**GIVEN RECORDS**
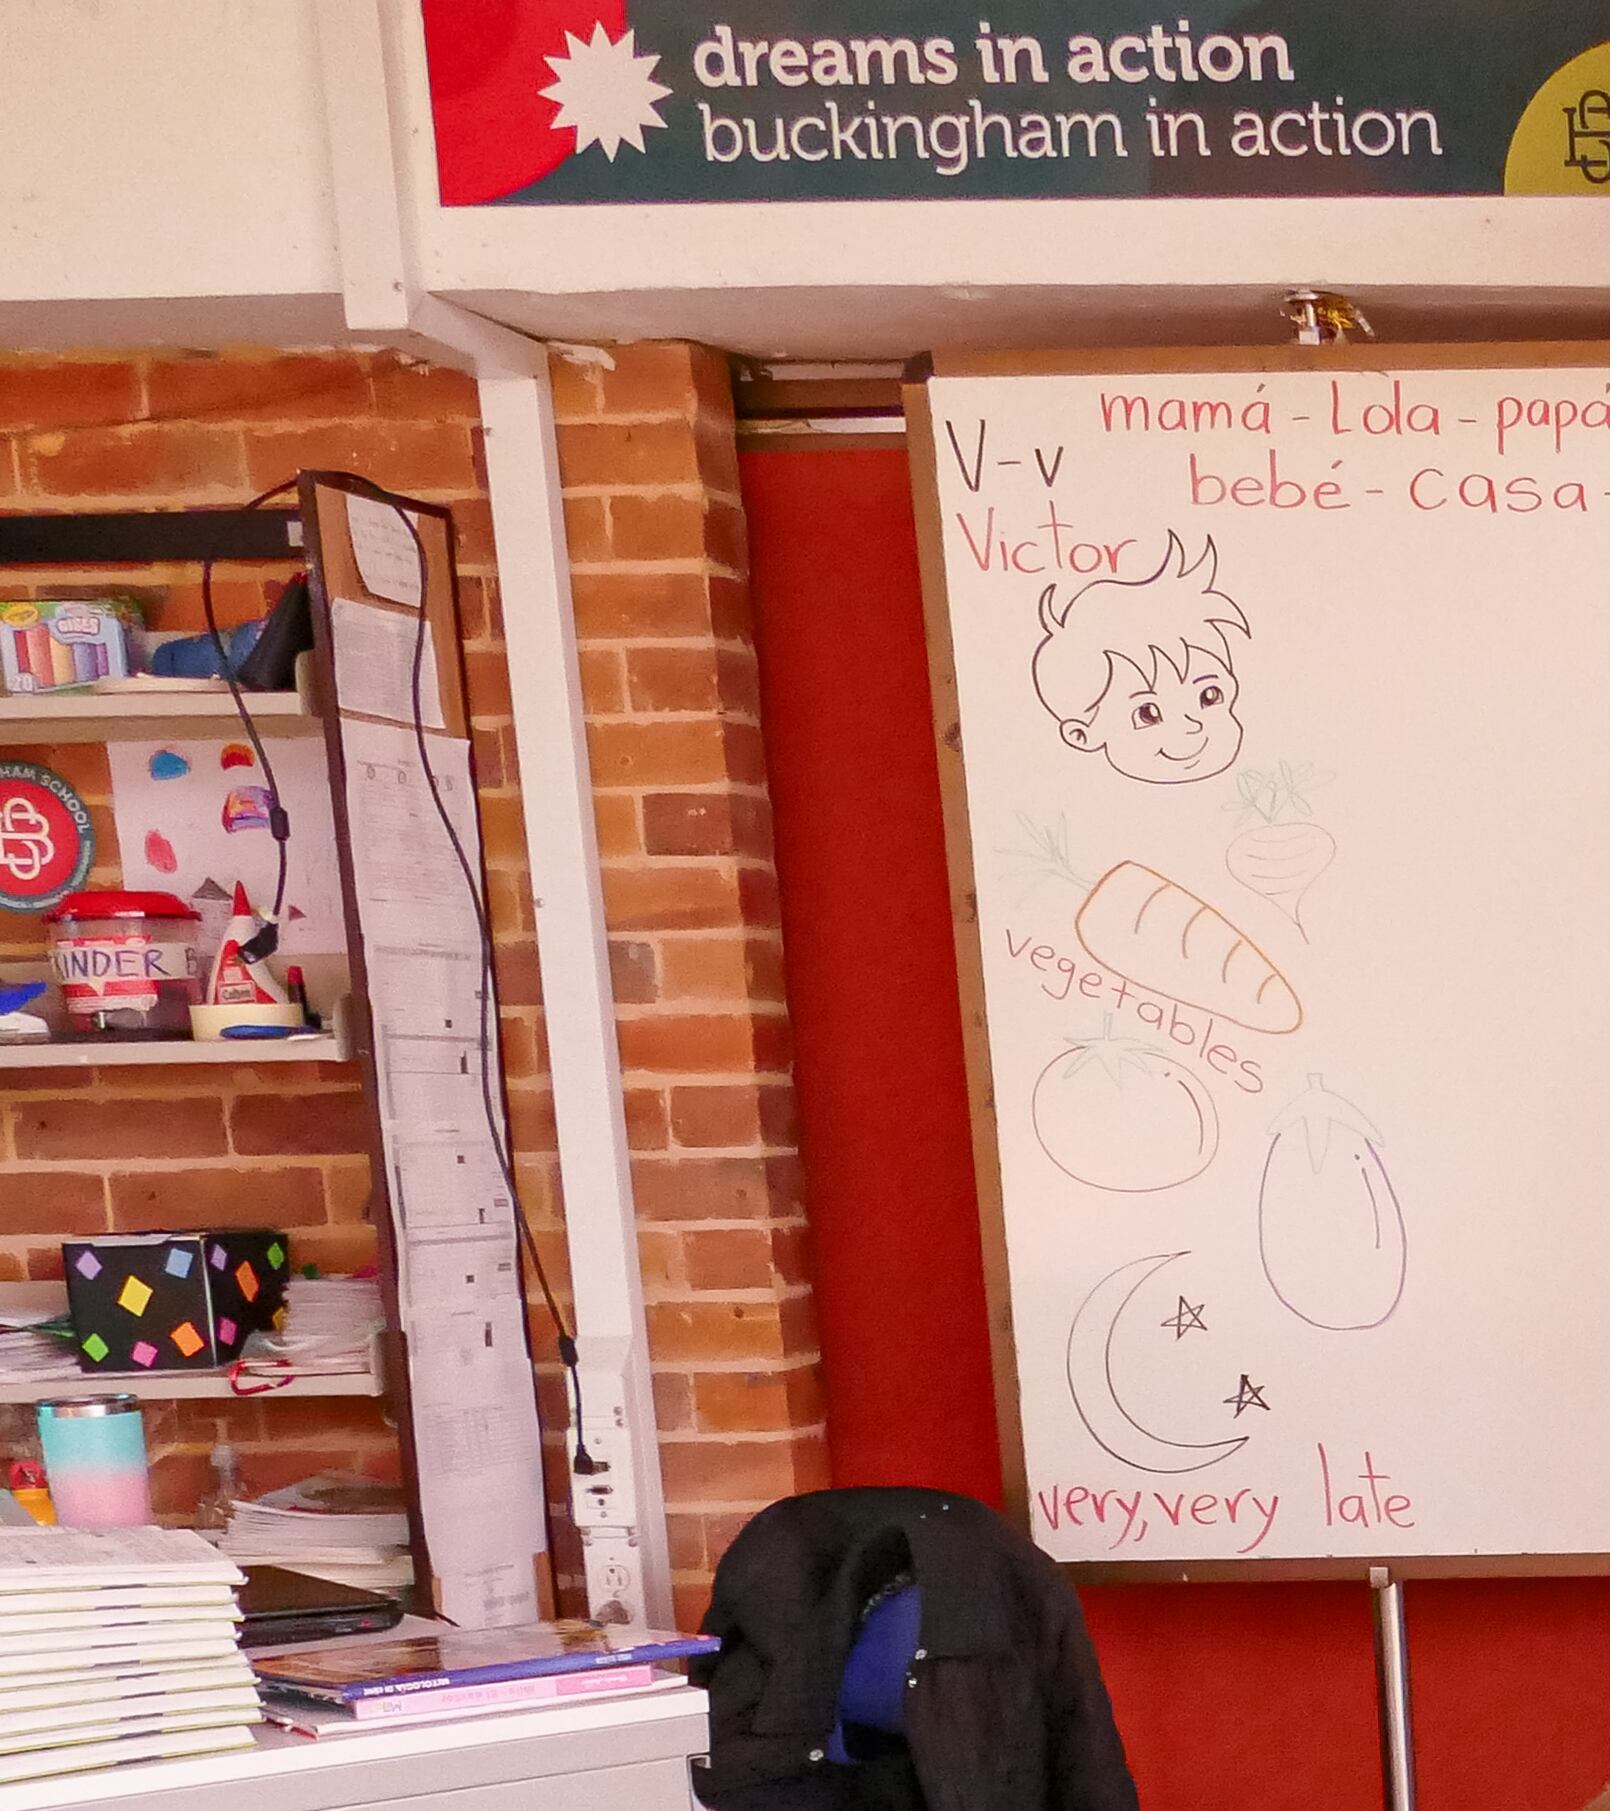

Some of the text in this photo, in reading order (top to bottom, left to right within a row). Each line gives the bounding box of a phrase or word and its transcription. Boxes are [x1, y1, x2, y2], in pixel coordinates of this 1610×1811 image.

[692, 22, 1295, 90] dreams in action
[701, 97, 1444, 176] buckingham in action
[1101, 384, 1271, 433] mamá
[1189, 449, 1351, 508] bebé
[41, 774, 92, 833] SCHOOL
[1006, 929, 1263, 1094] vegetables
[1318, 1443, 1416, 1528] late
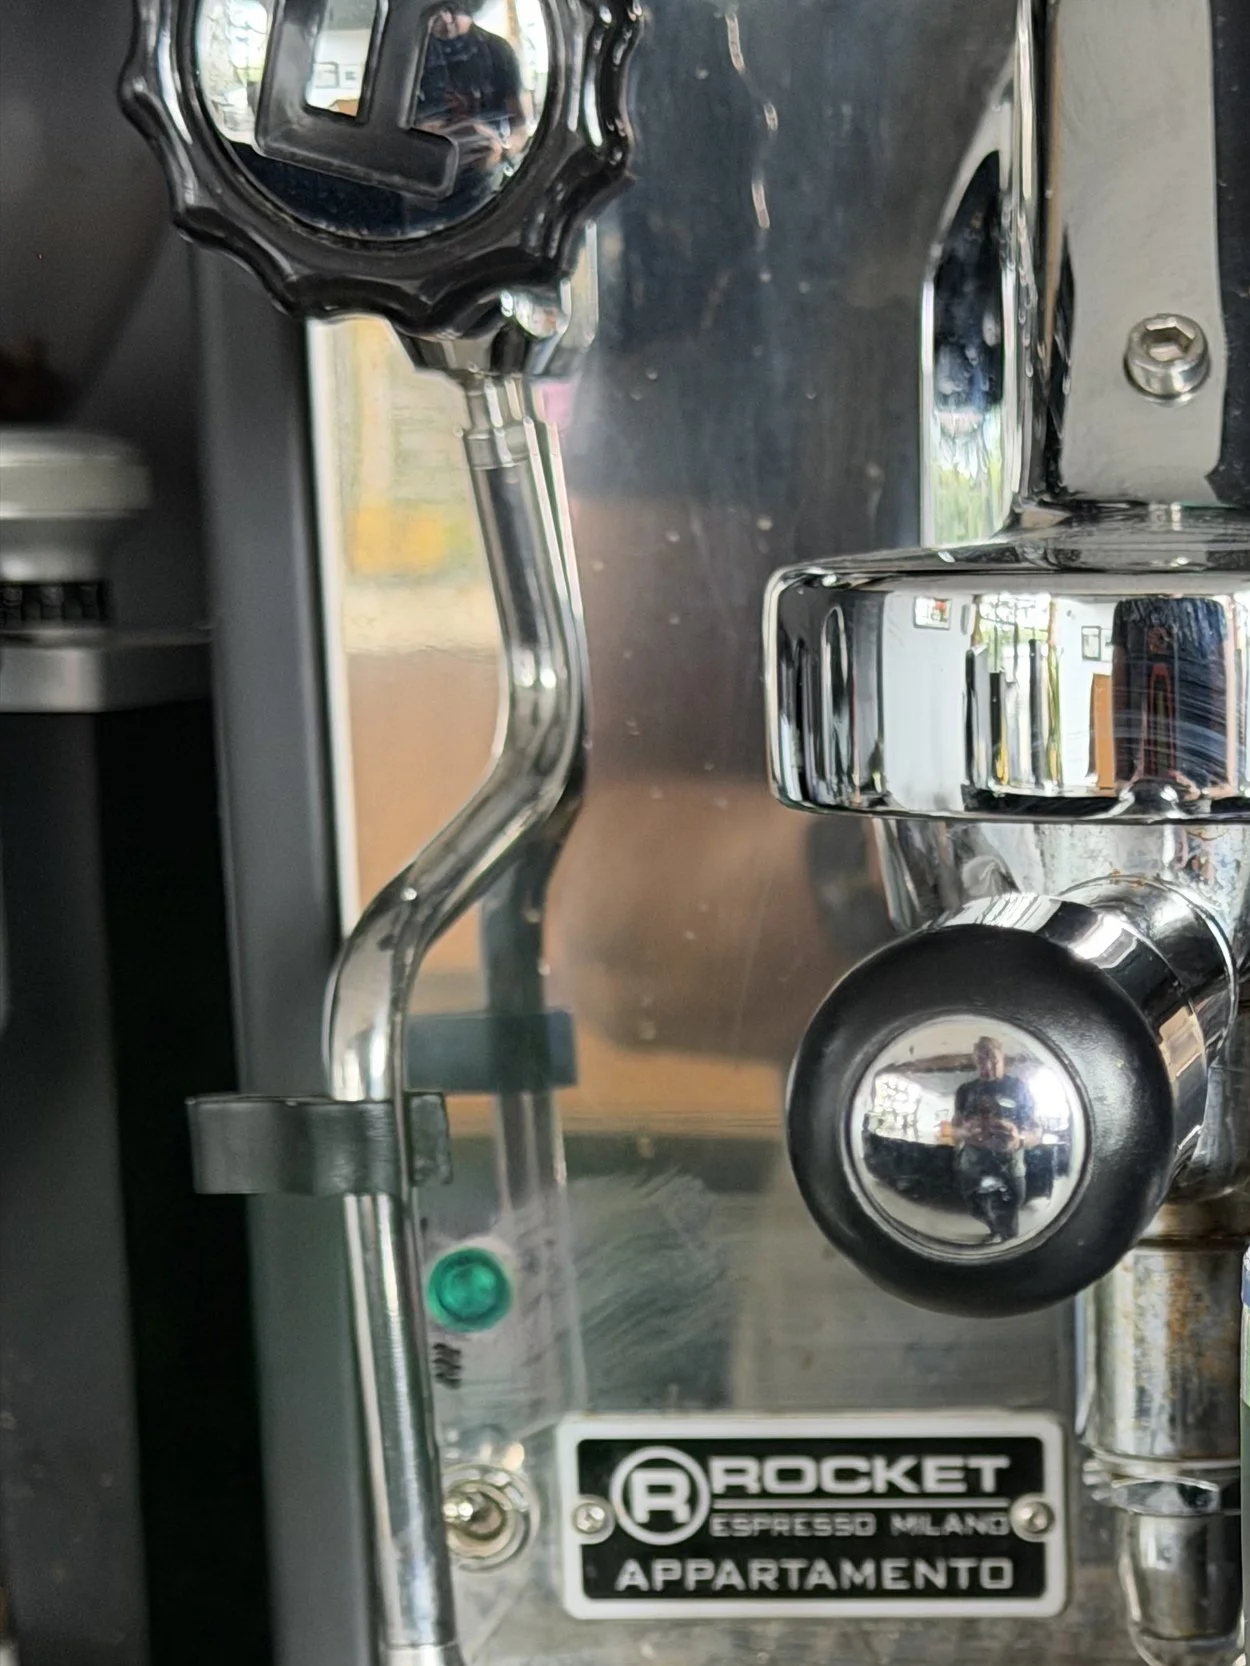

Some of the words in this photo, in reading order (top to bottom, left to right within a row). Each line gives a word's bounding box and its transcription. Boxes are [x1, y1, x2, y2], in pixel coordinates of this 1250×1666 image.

[709, 1456, 1011, 1494] ROCKET
[629, 1467, 692, 1524] R
[710, 1512, 876, 1538] ESPRESSO
[891, 1512, 1012, 1538] MILANO
[614, 1557, 1015, 1592] APPARTAMENTO
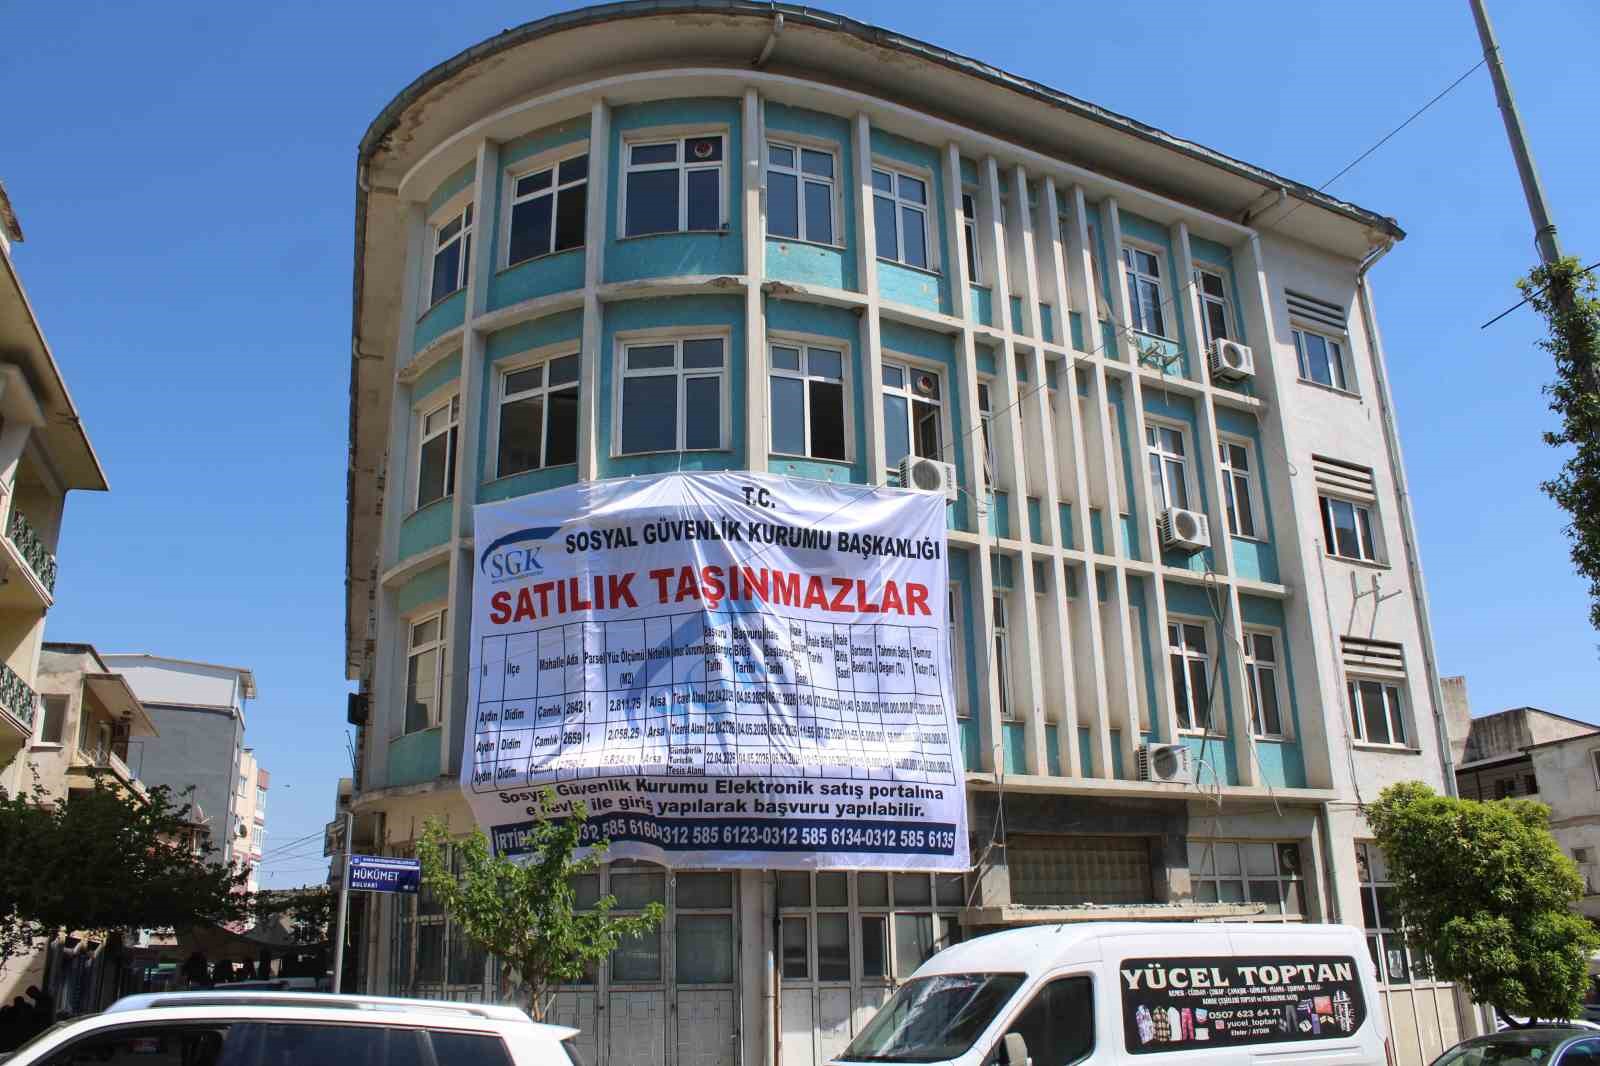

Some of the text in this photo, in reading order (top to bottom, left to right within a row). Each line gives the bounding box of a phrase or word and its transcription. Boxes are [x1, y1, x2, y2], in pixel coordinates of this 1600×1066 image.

[742, 487, 776, 509] T.C.
[566, 516, 940, 560] SOSYAL GÜVENLİK KURUMU BAŞKANLIĞI
[490, 546, 545, 578] SGK
[489, 564, 932, 625] SATILIK TAŞINMAZLAR
[566, 654, 579, 666] Ada
[584, 651, 606, 665] Parsel
[735, 661, 756, 674] Tarihi
[480, 710, 498, 726] Aydın
[504, 708, 525, 721] Didim
[649, 696, 667, 708] Arsa
[476, 741, 495, 755] Aydın
[500, 739, 522, 751] Didim
[647, 726, 666, 738] Arsa
[498, 767, 517, 779] Didim
[556, 778, 632, 797] Güvenlik
[635, 778, 709, 795] Kurumu
[715, 780, 814, 796] Elektronik
[820, 782, 863, 799] satış
[869, 783, 944, 800] portalına
[591, 797, 614, 811] ile
[619, 795, 653, 814] giriş
[657, 799, 747, 816] yapılarak
[755, 799, 830, 816] başvuru
[836, 799, 925, 818] yapılabilir.
[693, 825, 718, 844] 585
[724, 825, 798, 845] 6123-0312
[802, 825, 827, 844] 585
[831, 827, 897, 847] 6134-0312
[900, 828, 924, 847] 585
[928, 830, 954, 850] 6135
[353, 867, 399, 881] HÜKÜMET
[1121, 962, 1352, 990] YÜCEL TOPTAN
[1209, 1011, 1234, 1019] 0507
[1237, 1010, 1254, 1018] 623
[1257, 1009, 1270, 1017] 64
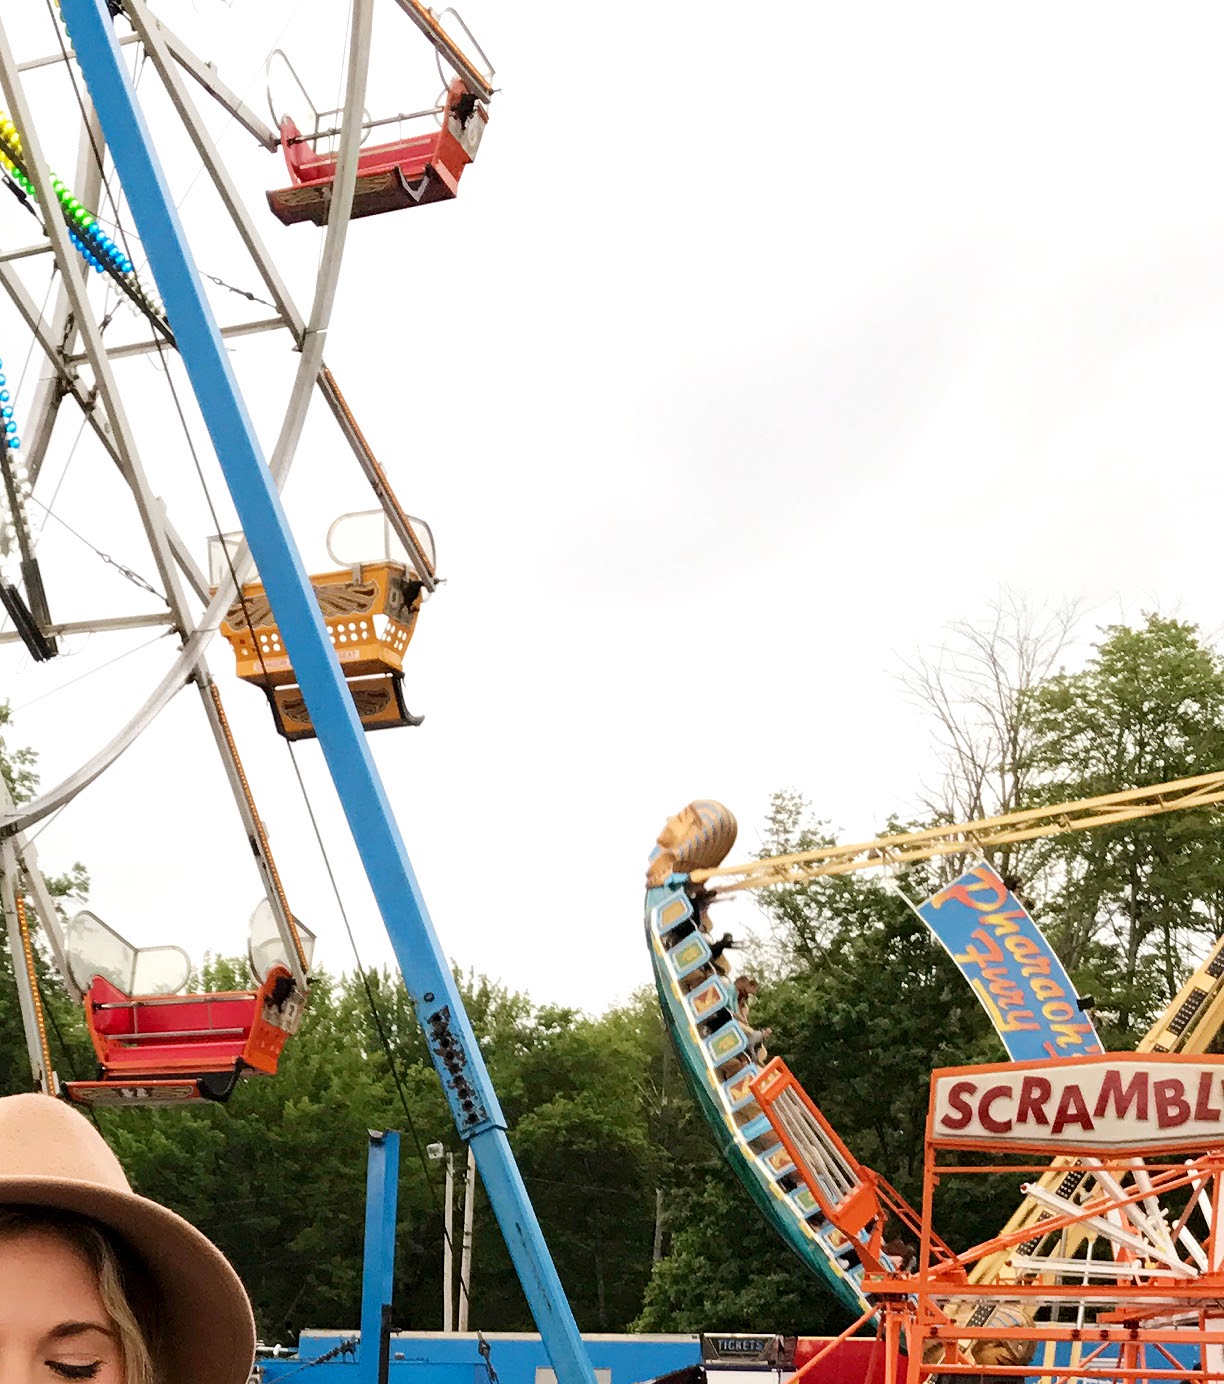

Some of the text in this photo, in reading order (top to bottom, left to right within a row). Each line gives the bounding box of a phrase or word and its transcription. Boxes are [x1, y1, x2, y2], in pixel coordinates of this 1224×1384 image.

[931, 867, 1100, 1058] Pharaoh'
[954, 928, 1041, 1032] Fury
[940, 1070, 1224, 1134] SCRAMBL
[717, 1340, 764, 1351] TICKETS

**TASK ITEM**
Without the pictures, reproduce the entries exactly.

**ANSWER AREA**
Some of the text in this photo, in reading order (top to bottom, left to right within a row). Each line gives the bounding box of a phrase or word and its transcription. Boxes are [x1, y1, x2, y2], in pixel coordinates of this 1610×1811 image.

[692, 22, 1295, 90] dreams in action
[701, 97, 1444, 176] buckingham in action
[1101, 384, 1271, 433] mamá
[1189, 449, 1351, 508] bebé
[41, 774, 92, 833] SCHOOL
[1006, 929, 1263, 1094] vegetables
[1318, 1443, 1416, 1528] late

Some of the words in this photo, in reading order (top to bottom, left to right within a row). Each line gives a word's bounding box and its transcription. Boxes are [x1, y1, x2, y2], in pixel coordinates of this 1250×1666 image.

[709, 1456, 1011, 1494] ROCKET
[629, 1467, 692, 1524] R
[710, 1512, 876, 1538] ESPRESSO
[891, 1512, 1012, 1538] MILANO
[614, 1557, 1015, 1592] APPARTAMENTO

Some of the text in this photo, in reading order (top to bottom, left to right within a row). Each line gives the bounding box of a phrase or word and its transcription. Boxes are [x1, y1, x2, y2], in pixel coordinates of this 1600×1066 image.

[742, 487, 776, 509] T.C.
[566, 516, 940, 560] SOSYAL GÜVENLİK KURUMU BAŞKANLIĞI
[490, 546, 545, 578] SGK
[489, 564, 932, 625] SATILIK TAŞINMAZLAR
[566, 654, 579, 666] Ada
[584, 651, 606, 665] Parsel
[735, 661, 756, 674] Tarihi
[480, 710, 498, 726] Aydın
[504, 708, 525, 721] Didim
[649, 696, 667, 708] Arsa
[476, 741, 495, 755] Aydın
[500, 739, 522, 751] Didim
[647, 726, 666, 738] Arsa
[498, 767, 517, 779] Didim
[556, 778, 632, 797] Güvenlik
[635, 778, 709, 795] Kurumu
[715, 780, 814, 796] Elektronik
[820, 782, 863, 799] satış
[869, 783, 944, 800] portalına
[591, 797, 614, 811] ile
[619, 795, 653, 814] giriş
[657, 799, 747, 816] yapılarak
[755, 799, 830, 816] başvuru
[836, 799, 925, 818] yapılabilir.
[693, 825, 718, 844] 585
[724, 825, 798, 845] 6123-0312
[802, 825, 827, 844] 585
[831, 827, 897, 847] 6134-0312
[900, 828, 924, 847] 585
[928, 830, 954, 850] 6135
[353, 867, 399, 881] HÜKÜMET
[1121, 962, 1352, 990] YÜCEL TOPTAN
[1209, 1011, 1234, 1019] 0507
[1237, 1010, 1254, 1018] 623
[1257, 1009, 1270, 1017] 64

Some of the text in this photo, in reading order (top to bottom, left to right within a row). Each line gives the bounding box of a phrase or word and its transcription. Boxes are [x1, y1, x2, y2], in pixel coordinates of this 1224×1384 image.

[931, 867, 1100, 1058] Pharaoh'
[954, 928, 1041, 1032] Fury
[940, 1070, 1224, 1134] SCRAMBL
[717, 1340, 764, 1351] TICKETS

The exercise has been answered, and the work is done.